The material below should be copied line for line, please, with pictures omitted.

#####

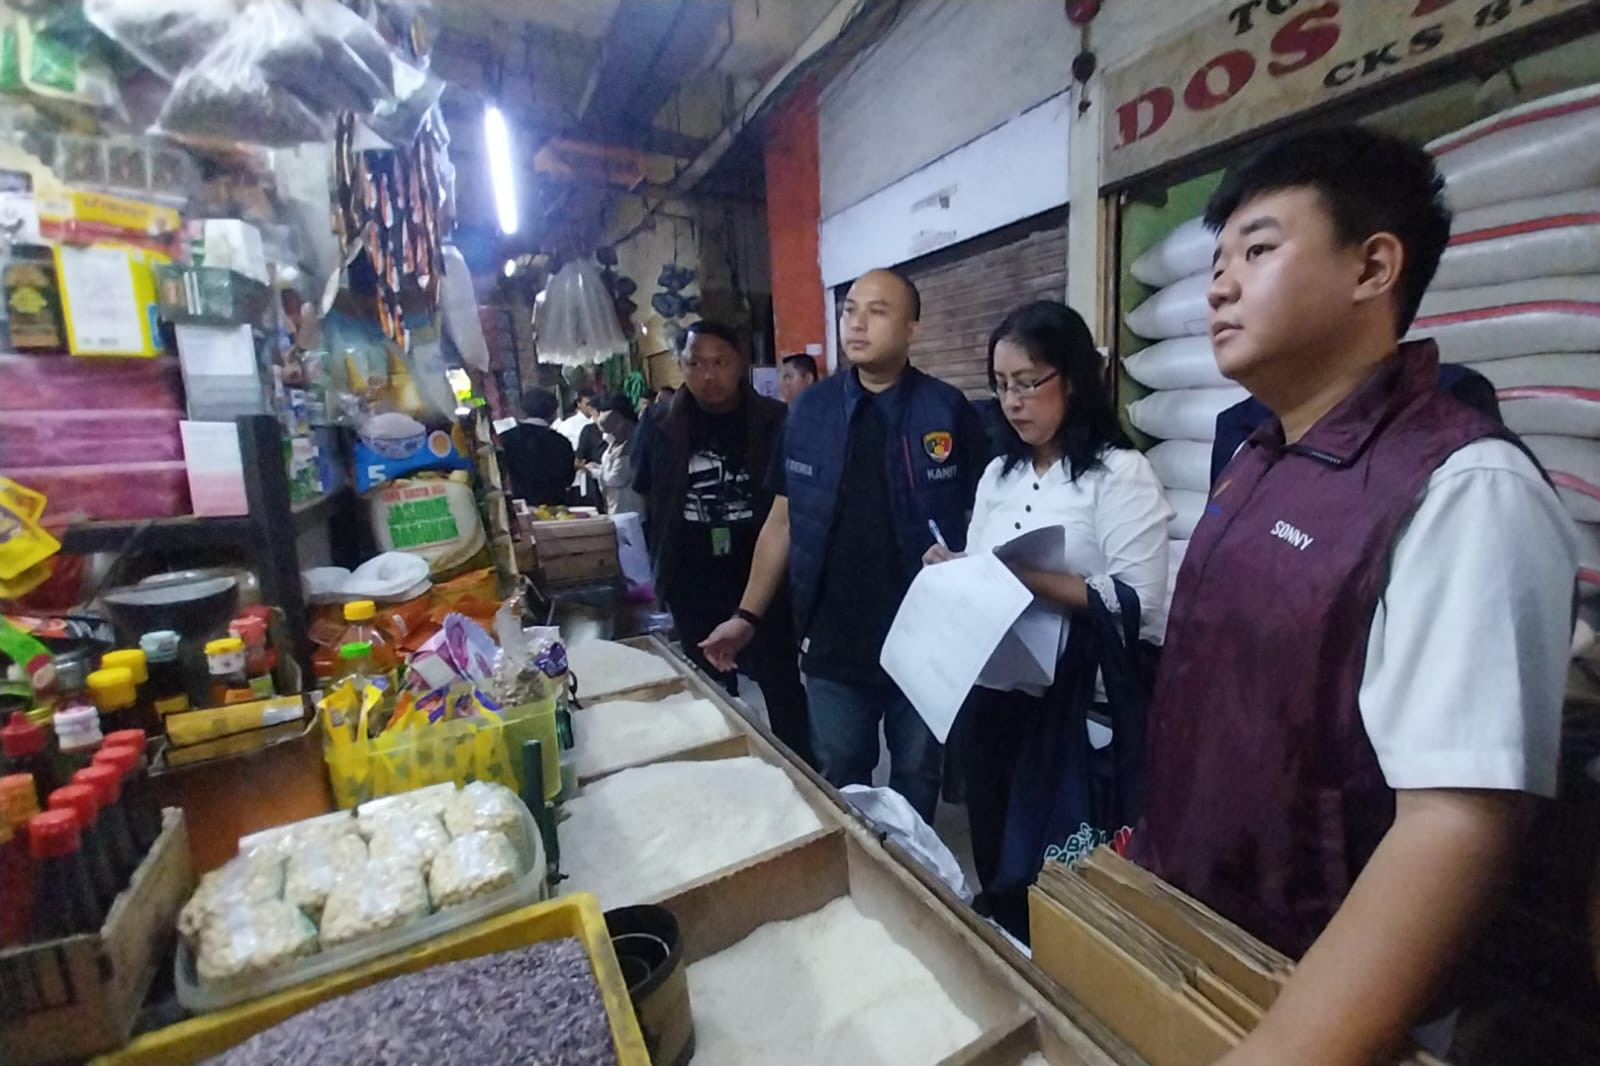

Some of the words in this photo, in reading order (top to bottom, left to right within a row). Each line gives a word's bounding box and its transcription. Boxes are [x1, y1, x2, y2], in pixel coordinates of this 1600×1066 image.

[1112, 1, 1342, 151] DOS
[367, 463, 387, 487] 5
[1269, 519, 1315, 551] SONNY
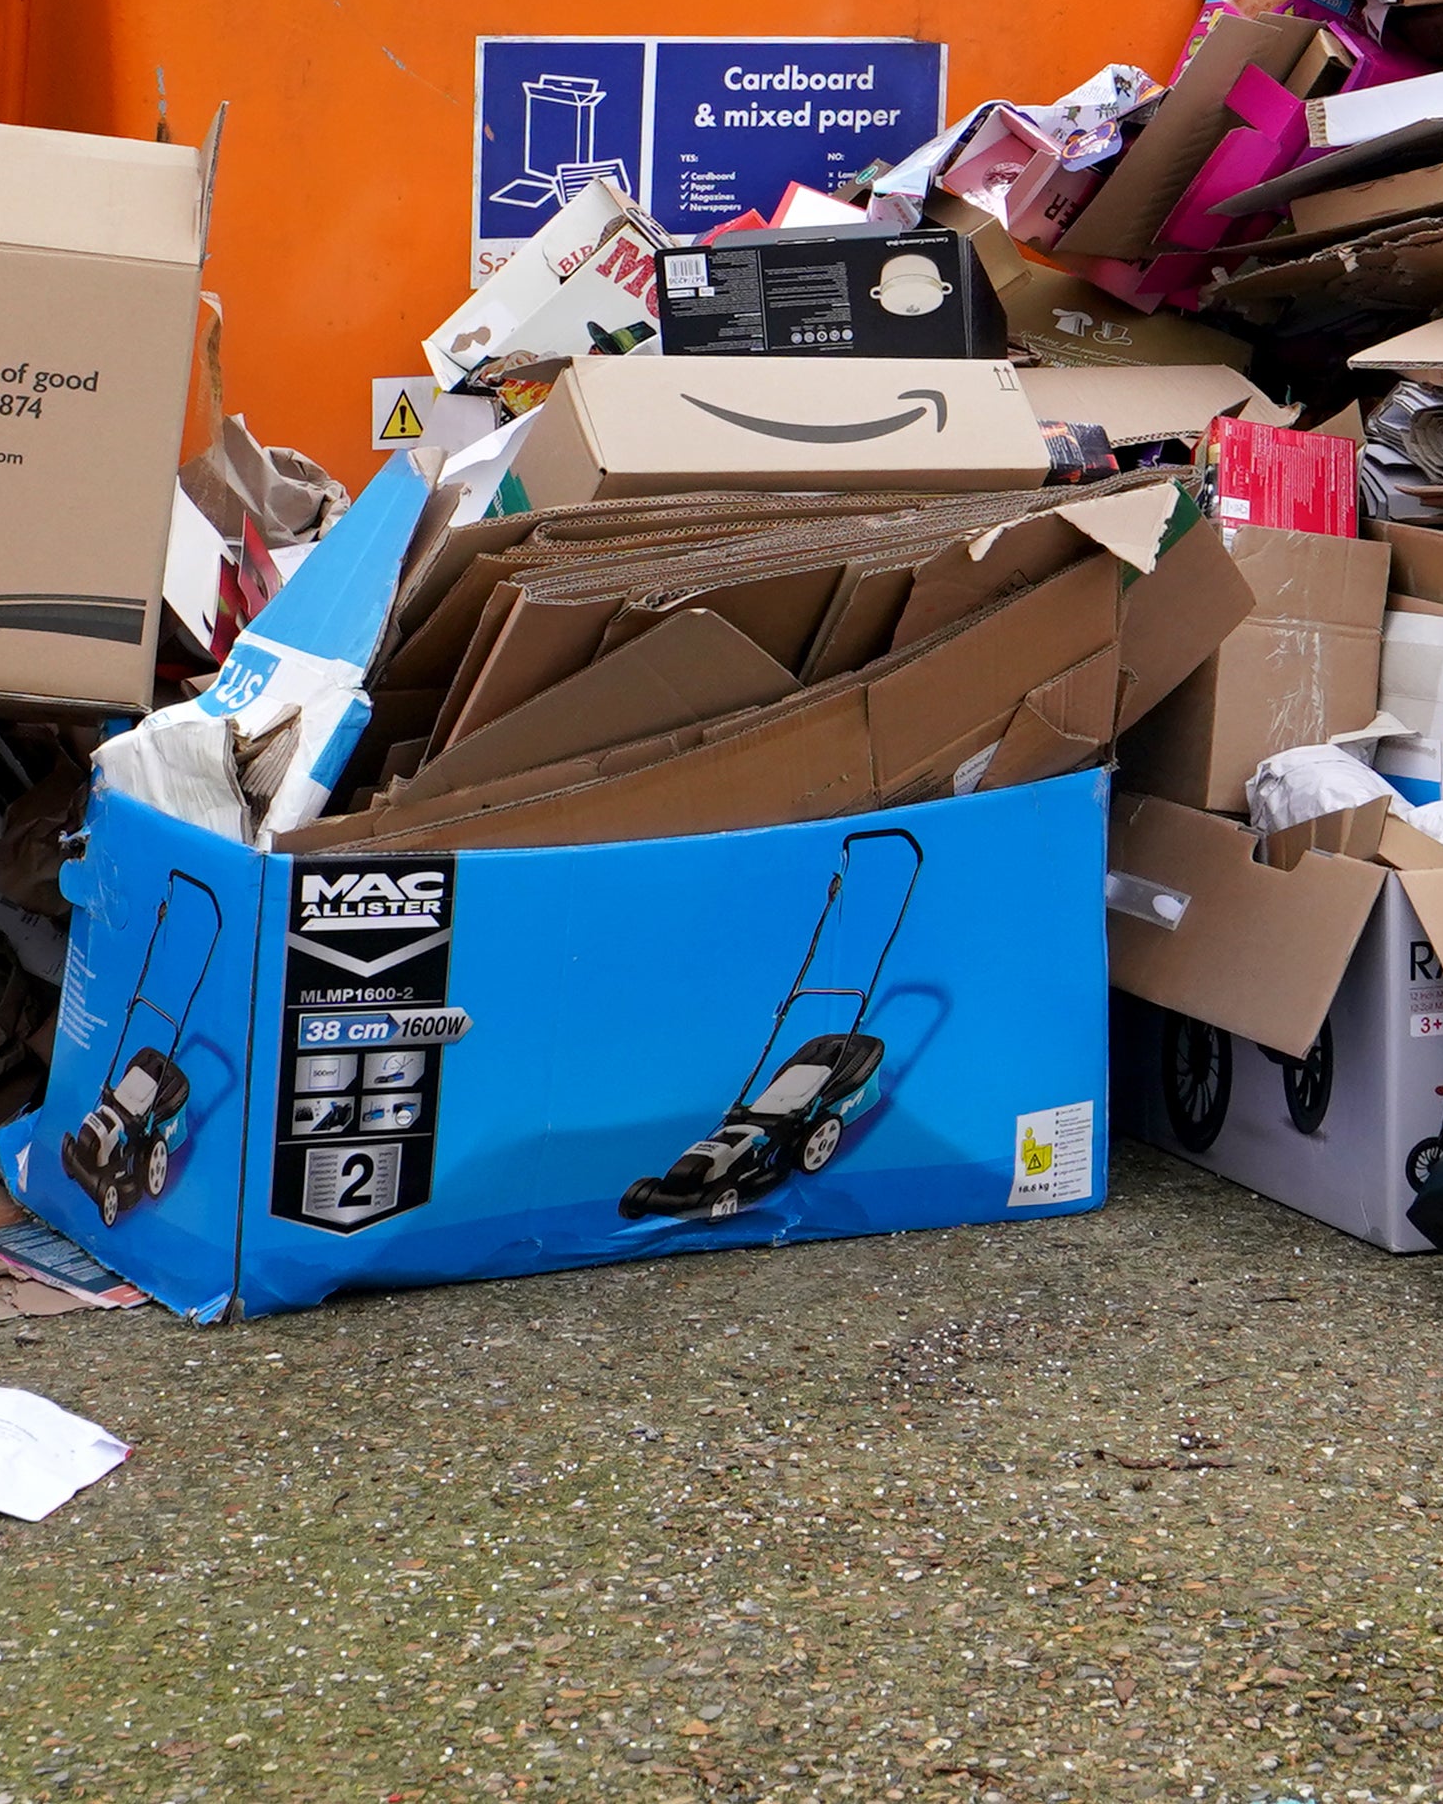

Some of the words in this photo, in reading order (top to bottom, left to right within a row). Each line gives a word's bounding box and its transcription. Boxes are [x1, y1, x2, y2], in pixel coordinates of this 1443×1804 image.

#####

Exercise result
Some of the words in this photo, in reading order (top to bottom, left to right within a row). Each line gives a word's bounding box and its transcription. Boxes are [x1, y1, x2, y2], in pixel coordinates of this 1600×1066 image.

[1112, 1, 1342, 151] DOS
[367, 463, 387, 487] 5
[1269, 519, 1315, 551] SONNY

Some of the words in this photo, in reading order (top to bottom, left to right within a row). Each line gives a word's bounding box and its transcription. Boxes are [x1, y1, x2, y2], in pixel coordinates of this 1443×1804 image.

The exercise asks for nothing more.